GitLab has issued a new GitLab patch release addressing a range of security vulnerabilities and stability issues across multiple supported versions. The latest updates, versions 18.8.2, 18.7.2, and 18.6.4, apply to both GitLab Community Edition and Enterprise Edition and are now available for self-managed installations. According to the release information, these updates contain important bug fixes and security remediations, and administrators are strongly advised to upgrade as soon as possible.
The GitLab patch release applies to GitLab Community Edition and Enterprise Edition deployments running affected versions. GitLab.com is already operating on the patched versions, and GitLab Dedicated customers are not required to take any action. However, organizations managing their own instances are encouraged to prioritize the upgrade to mitigate risk from known vulnerabilities.
Overview of the Latest GitLab Patch Release
This GitLab patch release resolves multiple security issues affecting both GitLab Community Edition and Enterprise Edition, including several high-severity vulnerabilities.
One of the most critical issues, tracked as CVE-2025-13927, involves a denial of service vulnerability in the Jira Connect integration. GitLab reported that an unauthenticated attacker could create a denial of service condition by sending crafted requests containing malformed authentication data. The vulnerability affects all GitLab CE/EE versions from 11.9 up to, but not including, versions 18.6.4, 18.7.2, and 18.8.2. The issue carries a CVSS score of 7.5. GitLab credited a92847865 for reporting the vulnerability through its HackerOne bug bounty program.
Another high-severity issue, CVE-2025-13928, impacts the Releases API. Due to incorrect authorization validation in API endpoints, an unauthenticated user could trigger a denial of service condition. This vulnerability affects GitLab Community Edition and Enterprise Edition versions from 17.7 prior to the patched releases and also has a CVSS score of 7.5. The issue was reported by the same researcher.
GitLab also addressed CVE-2026-0723, a vulnerability in authentication services that could have allowed an attacker with knowledge of a victim’s credential ID to bypass two-factor authentication by submitting forged device responses. This issue affects versions from 18.6 prior to the patched releases and has a CVSS score of 7.4. The vulnerability was reported by ahacker1 through HackerOne.
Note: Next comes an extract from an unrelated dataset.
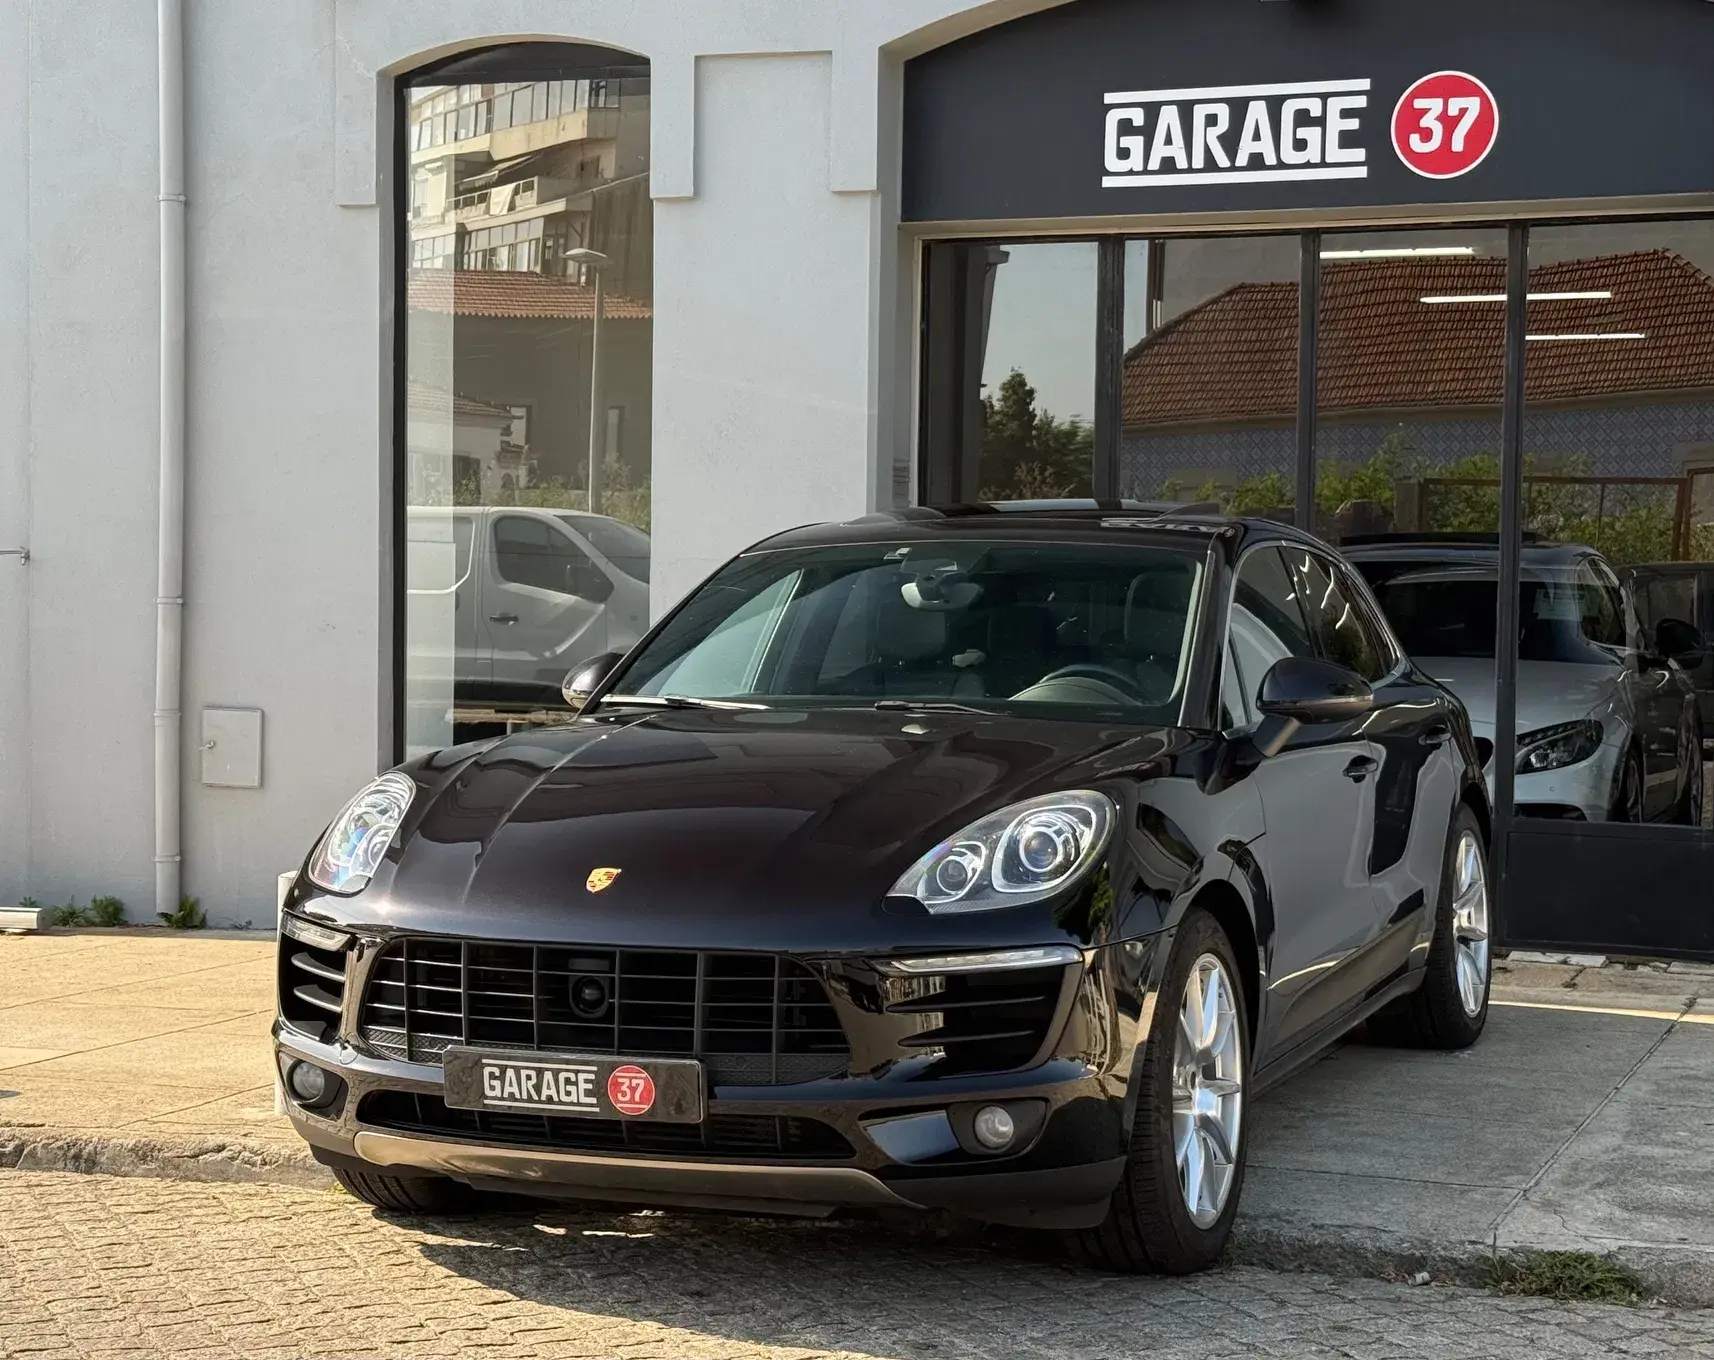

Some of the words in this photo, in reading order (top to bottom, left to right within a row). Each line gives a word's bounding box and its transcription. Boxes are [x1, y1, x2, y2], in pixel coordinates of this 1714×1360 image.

[1104, 95, 1367, 172] GARAGE
[1409, 97, 1481, 154] 37
[483, 1066, 598, 1104] GARAGE
[616, 1078, 646, 1102] 37
Medium-severity issues include CVE-2025-13335, an infinite loop flaw in Wiki redirects that could allow an authenticated user to cause a denial of service by crafting malformed Wiki documents. This issue affects versions from 17.1 onward and has a CVSS score of 6.5. GitLab also fixed CVE-2026-1102, a denial-of-service vulnerability in an API endpoint triggered by repeated malformed SSH authentication requests, affecting versions from 12.3 onward with a CVSS score of 5.3. GitLab noted that this vulnerability was discovered internally by team member Thiago Figueiró.
Bug Fixes and Upgrade Considerations for Self-Managed Users
In addition to addressing vulnerabilities, the GitLab patch release introduces a wide range of bug fixes across versions 18.8.2, 18.7.2, and 18.6.4. These include backported fixes for merge request reviewer crashes, searchable dropdown race conditions, container repository index repairs, Git LFS throttling exclusions, accessibility-related soft wrap issues, and Git push errors in self-managed environments. Several fixes also improve CI jobs, Sidekiq worker behavior, migration health checks, and AI catalog workflows.
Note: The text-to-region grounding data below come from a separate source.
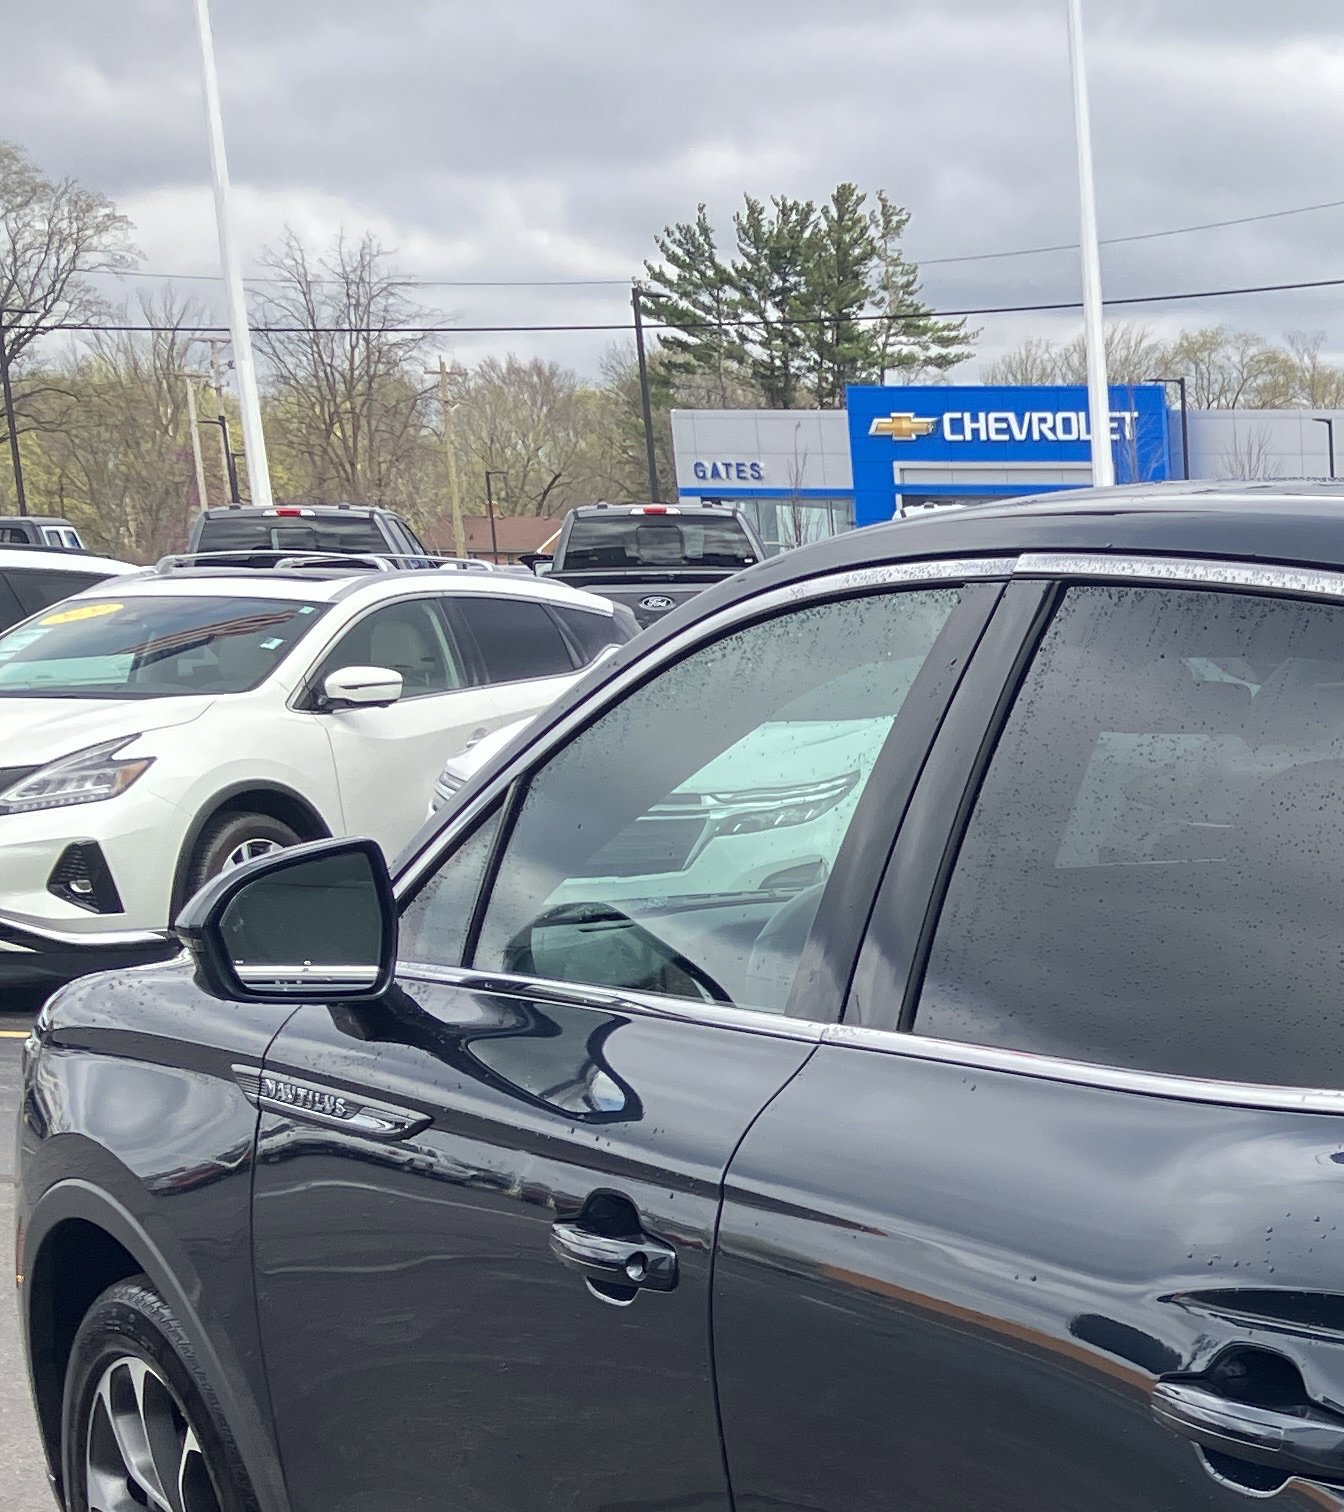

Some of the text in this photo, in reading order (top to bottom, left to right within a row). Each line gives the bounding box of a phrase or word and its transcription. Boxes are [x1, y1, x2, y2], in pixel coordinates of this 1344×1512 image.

[943, 411, 1139, 442] CHEVROLET
[694, 461, 764, 482] GATES
[265, 1078, 347, 1118] NAUTILUS
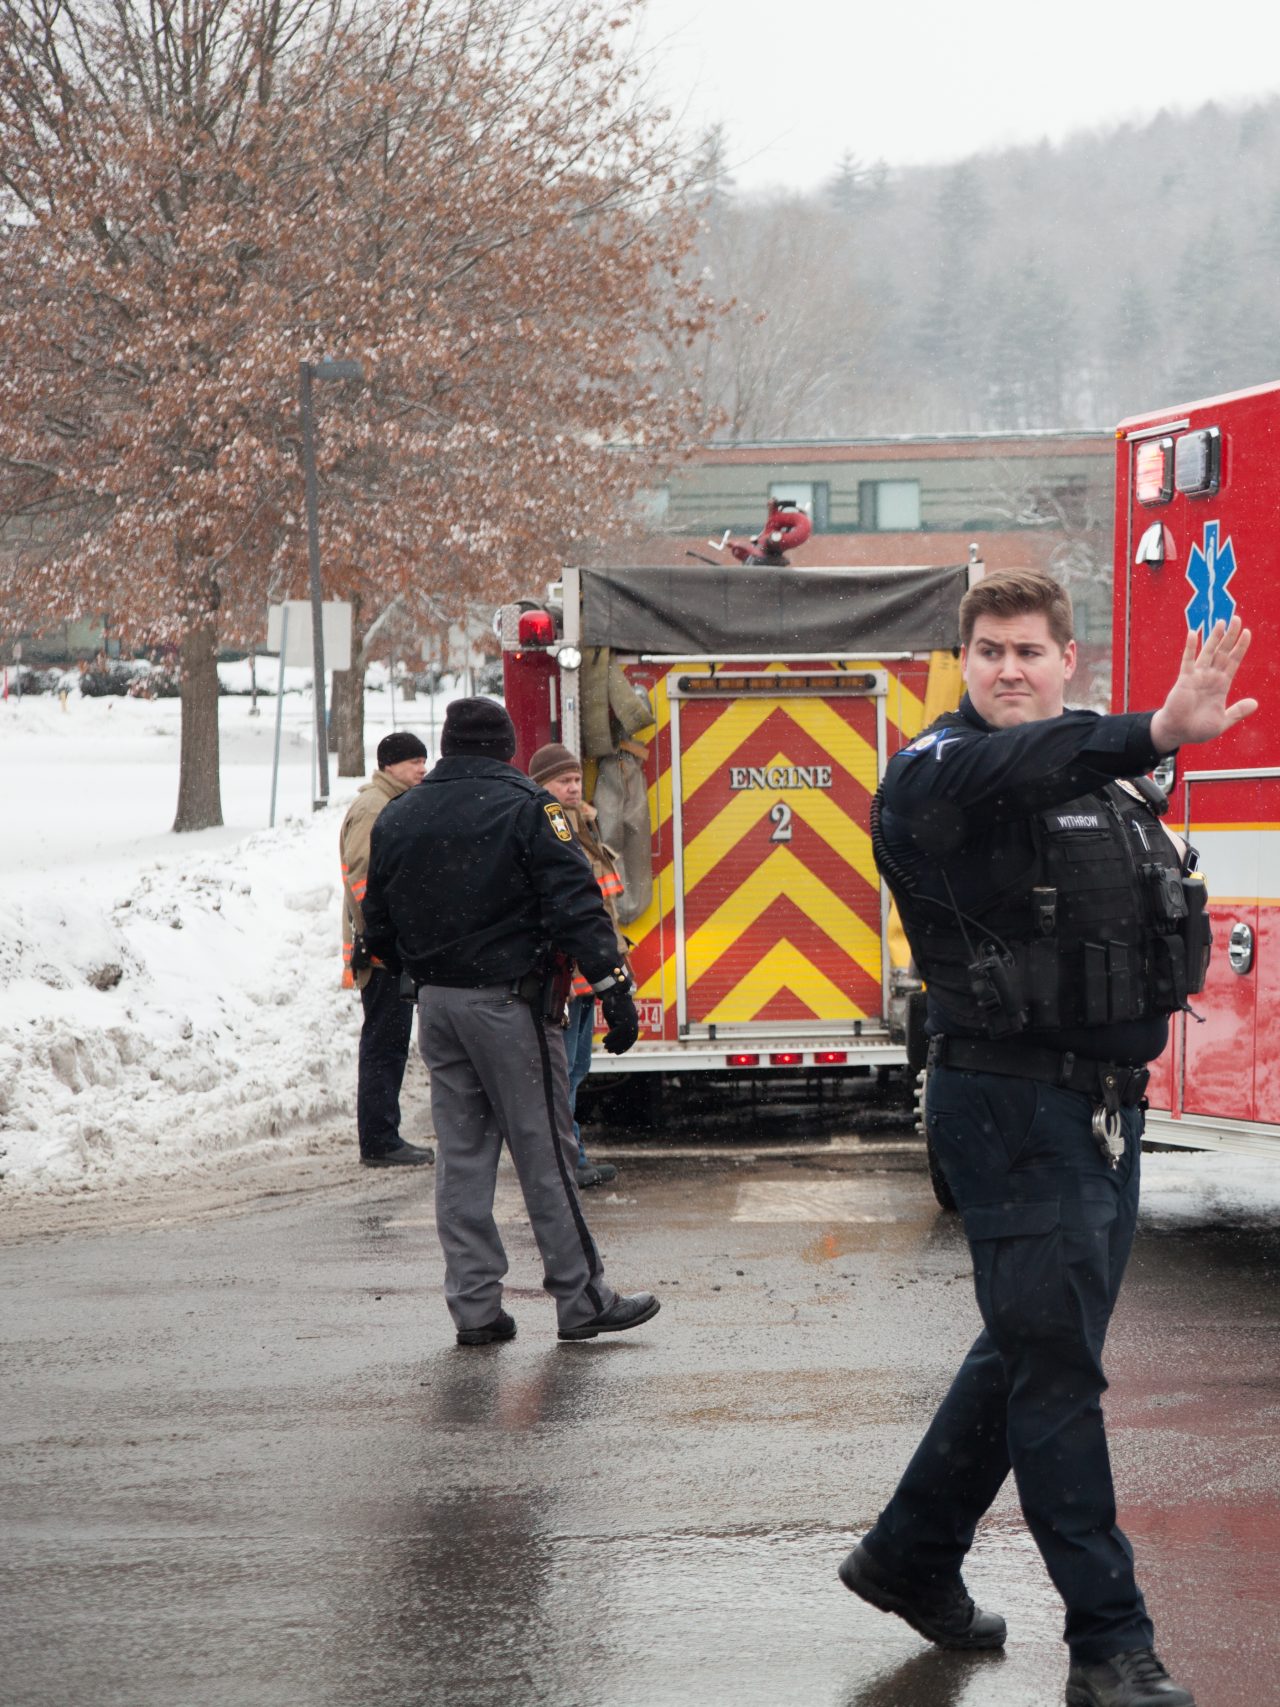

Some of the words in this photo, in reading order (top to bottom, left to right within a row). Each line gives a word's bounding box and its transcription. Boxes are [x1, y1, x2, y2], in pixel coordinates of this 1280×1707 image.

[729, 766, 832, 791] ENGINE
[770, 803, 793, 844] 2
[1056, 815, 1099, 828] WITHROW
GitLab cautioned that this patch release includes database migrations that may impact the upgrade process. Single-node installations will experience downtime during the upgrade because migrations must be completed before GitLab can restart. Multi-node deployments, however, can apply the updates without downtime by following recommended zero-downtime upgrade procedures. Version 18.7.2 includes post-deploy migrations that can run after the main upgrade process.
GitLab strongly recommends that all installations of GitLab Community Edition and Enterprise Edition running affected versions upgrade to the latest patch release as soon as possible to reduce exposure to known vulnerabilities and maintain platform stability.